Lo que sé sobre la desesperación, lo he aprendido tanto en mi modesta experiencia como ser humano, como por las lecciones que otros me han enseñado. Esta reflexión me surge mientras observo cómo, cuando la lluvia llega, los lugares comienzan a llenarse de gente: Los espacios antes vírgenes se vuelven intransitables y en el ambiente se genera lo que parece ser una masiva búsqueda de refugio: los autobuses se abarrotan, el tráfico aumenta y los espacios comunes ahora no parecen soportar a tantas personas que hace diez minutos tenían destinos diferentes.
Lo más llamativo, tal vez, son las filas en los supermercados o en los bancos. He notado que cuando la lluvia se hace presente, las filas se vuelven más largas y la desesperación por la espera más tediosa. No sé qué mecanismo utiliza la lluvia que provoca lo impulsivo en los seres humanos para formar fila y enfrentarlos en su propia impaciencia.
Aún más curioso es cómo aquellos que estamos en esa fila empezamos a observar a quienes ya tienen su turno, los que están en la caja: Hay todo tipo de personas, desde familias que llenan carritos con artículos que uno considera innecesarios hasta aquellos que parecen tener cierto placer por tardarse todo lo que puedan con la firme intención de agrandar su ego y decir: «Es mi turno, he llegado a la caja y es mi momento de gloria y lo disfrutaré».
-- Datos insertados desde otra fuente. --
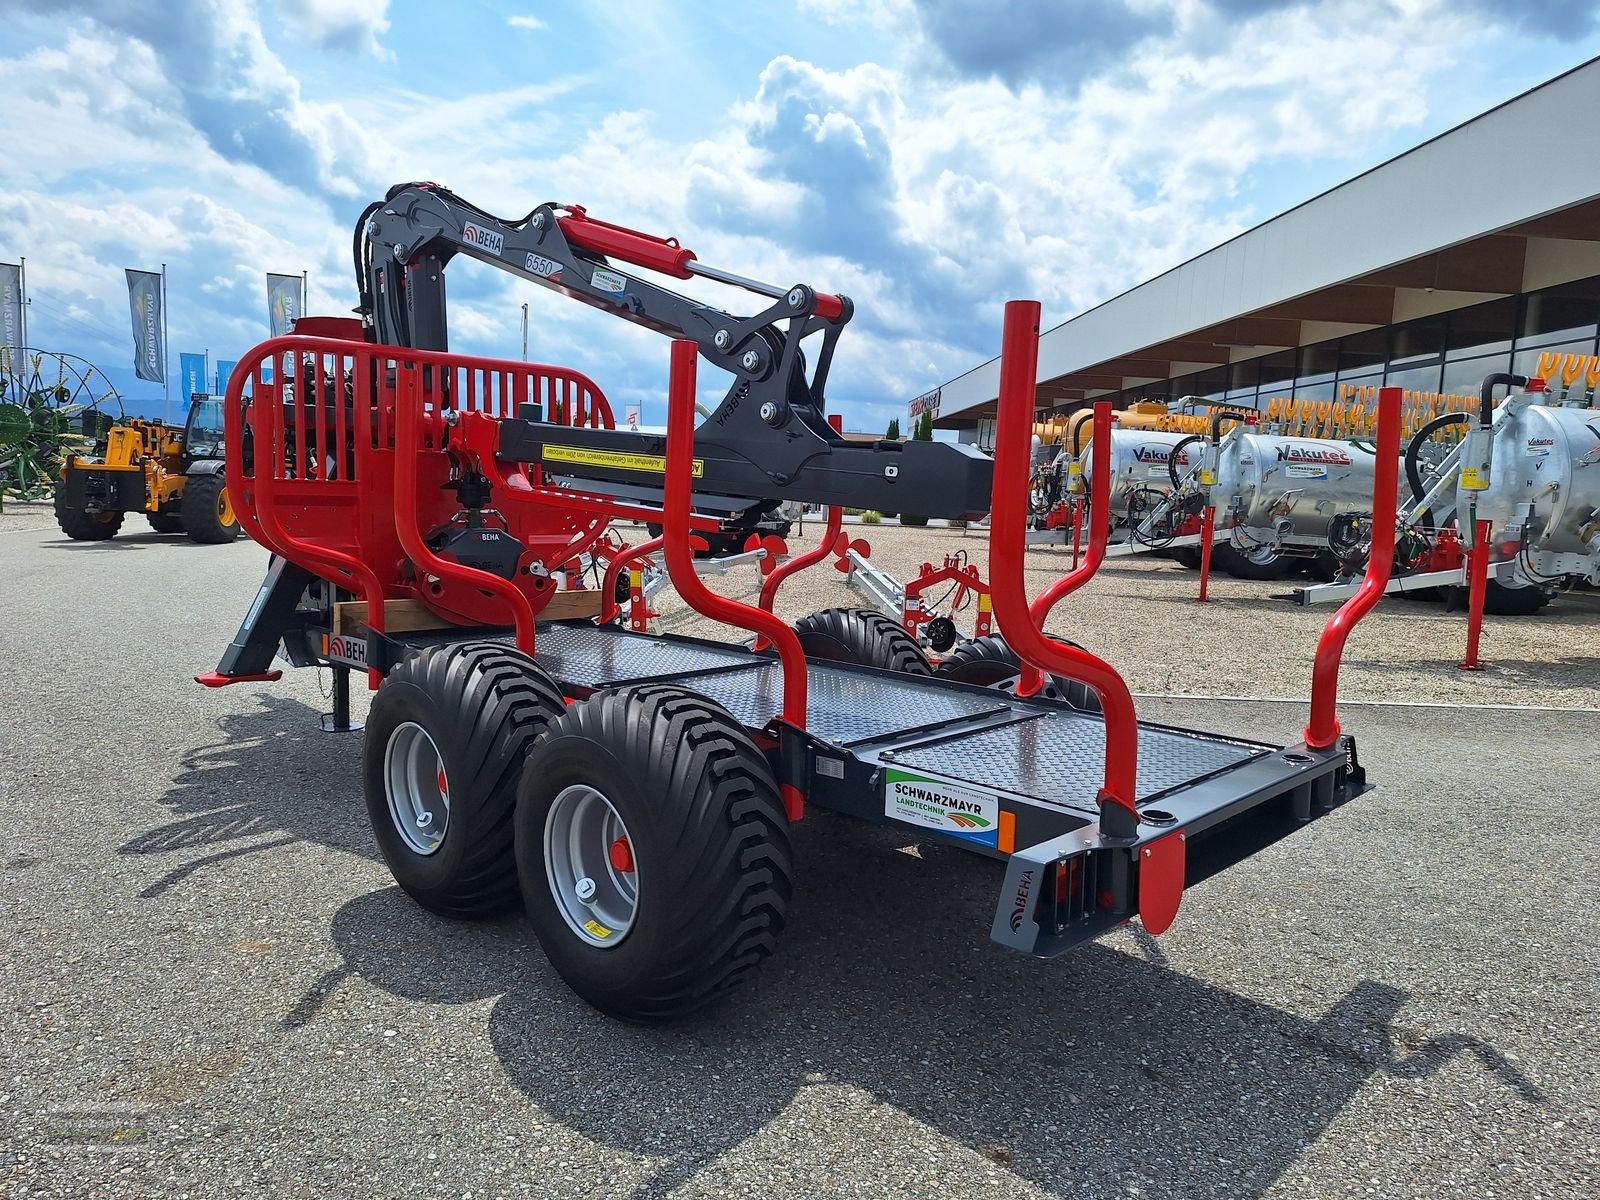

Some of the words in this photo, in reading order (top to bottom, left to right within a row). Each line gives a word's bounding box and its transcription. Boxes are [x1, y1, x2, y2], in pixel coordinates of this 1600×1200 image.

[478, 230, 503, 254] BEHA
[526, 254, 553, 276] 6550
[1133, 447, 1188, 462] Vakuec
[1275, 445, 1349, 461] Vakutec
[481, 533, 500, 541] BEHA
[895, 783, 982, 816] SCHWARZMAYR
[896, 796, 946, 816] LANDTECHNIK
[1014, 870, 1034, 908] BEHA
Cuando uno está en la fila empieza a pensar en cómo el sujeto que ahora se tarda pagando en la caja puede hacer o debería hacer su vida más simple. Lo critica, lo reprende en su interior y lo insulta en su silencio. Cuando la fila no avanza, la desesperación llega al límite de lo moralmente aceptable. Solo hace falta que alguien pronuncie un «¡ash!» o construya una onomatopeya entendible para que contagie a los demás y lo convierta en un coro de frustración.
Una vez que la fila está infectada por la desesperación, la conducta se vuelve masiva, adopta una filosofía y una forma de actuar en común que tiene como objetivo que el sujeto de turno termine de ser algo parecido a lo insoportable. Es importante mencionar que el principio de esta psicología masiva tal vez sea el temor al tiempo.
Creo que para muchos hacer fila es sinónimo de desaprovechar las bondades de la existencia. Este estancamiento crea la vaga ilusión de que la vida se detiene y que el acto de hacer fila es más bien un castigo que otros han impuesto injustamente por no saber hacer las cosas.
Me es propicio decir que estar en una fila puede ser el momento adecuado que la vida nos ofrece no para perder el tiempo, sino para aprovecharlo. A través de mis estudios en la meditación, llego a la conclusión: «Estoy en una fila, en este momento no tengo nada que hacer y no tengo ningún lugar al que ir». Pienso en los demás: ¿No es este el tiempo que en incontables ocasiones le han pedido a Dios? ¿No es este el tiempo extra para cultivar la paciencia que Dios nos regala?
¿Tiene NIT para su factura?», me indica la mujer que está al otro lado de la caja cuando el turno me pertenece.
Aprovecho a decir que sí, mientras guardo los artículos de mi compra para apresurar el tiempo que los demás creen no tener.
Pago y olvido, hasta la próxima vez, ese momento de modesta gloria que es no tener nada que hacer y no tener a ningún lugar al que ir.
Mientras avanzo fuera de la caja, me da la ligera excitación de voltear a ver cómo se la están pasando los que aún siguen en la fila, pero rechazo la idea y solo me pongo a pensar que tuve tanto tiempo libre y ahora me es pertinente, y de conocimiento, estudiar la misteriosa y estética forma en la que Dios actúa.
Salgo del lugar, ha dejado de llover por un tiempo y estoy listo para enfrentarme a la siguiente aventura de mi vida.